Arsène Kpangon (EV 2013)
In this blog post, I’ll report on a meeting which took place at the ICASA conference on Tuesday (December 10th). The meeting brought together five HIV/AIDS and global health specialists from around the world. The session was moderated by Professor Mark Nelson from Imperial college of London and focused on the gap between theory and reality of treatment in Low and middle Income Countries (LMICS). The four participants around the table were Dr Kwasi Torpey from Nigeria, Prof Joep Lange from the Netherlands, Prof Serge-Paul Eholié from Ivory-Coast, and Prof Quarraisha Abdoul-Karim from South-Africa.
Each presentation was followed by a short roundtable discussion. Joep Lange showed in his presentation how earlier initiation of ART could improve the outcomes of People Living With HIV/AIDS (PLWHA). Eholié discussed the standard of ART treatment nowadays in sub-Saharan Africa. He emphasized the necessity to use viral load for monitoring PLWHA in sub-Saharan Africa. However, he failed to understand why in developed countries patients have access to CD4, viral load and genotyping monitoring while at the same time the international community wants to oblige sub-Saharan settings to reduce access to CD4 and focus instead on viral load assessment. He also stressed that all care provided to PLWHA should be free in order to increase adherence.

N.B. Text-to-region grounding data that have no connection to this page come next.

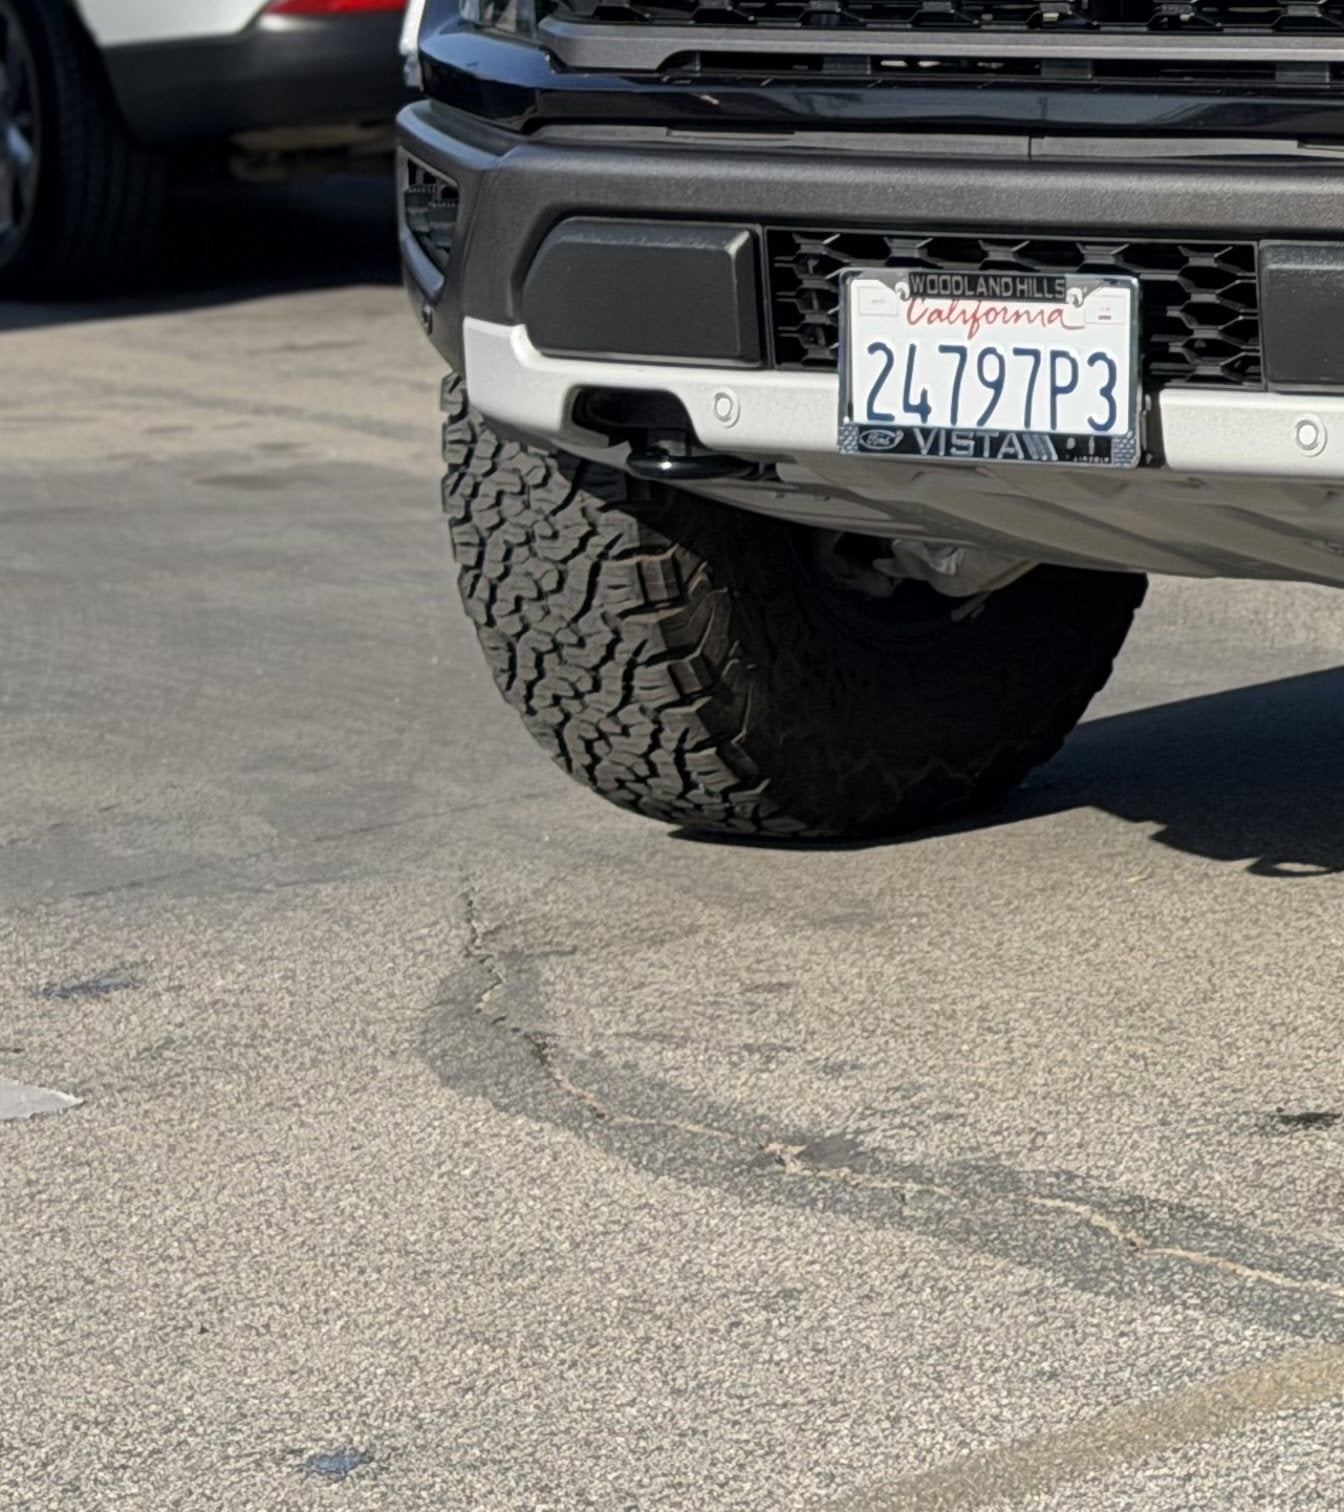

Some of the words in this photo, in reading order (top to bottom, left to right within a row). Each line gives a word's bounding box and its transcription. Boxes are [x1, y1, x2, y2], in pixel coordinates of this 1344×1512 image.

[909, 276, 1014, 298] WOODLAND
[1016, 279, 1065, 299] HILLS
[906, 296, 1085, 340] California
[866, 342, 1117, 431] 24797P3
[913, 428, 1024, 460] VISTA

Quarraisha Abdoul-Karim in her presentation highlighted the results of the CAPRISA trial in South-Africa. In addition, she emphasized concepts such as treatment as prevention (TasP) and pre-exposure prevention (PreP) with microbicides, and showed how the scale up of ART in South Africa has improved the life expectancy between 2001- 2010.
The roundtable discussions between these specialists showed the urgent need to scale up viral load monitoring in Africa. However, all of these experts asked how this can be done given the budget constraints in these settings. Some of the people who attended the session proposed to improve fiscal revenue in sub-Saharan African settings and reduce corruption in order to increase government engagement in the health care of the populations.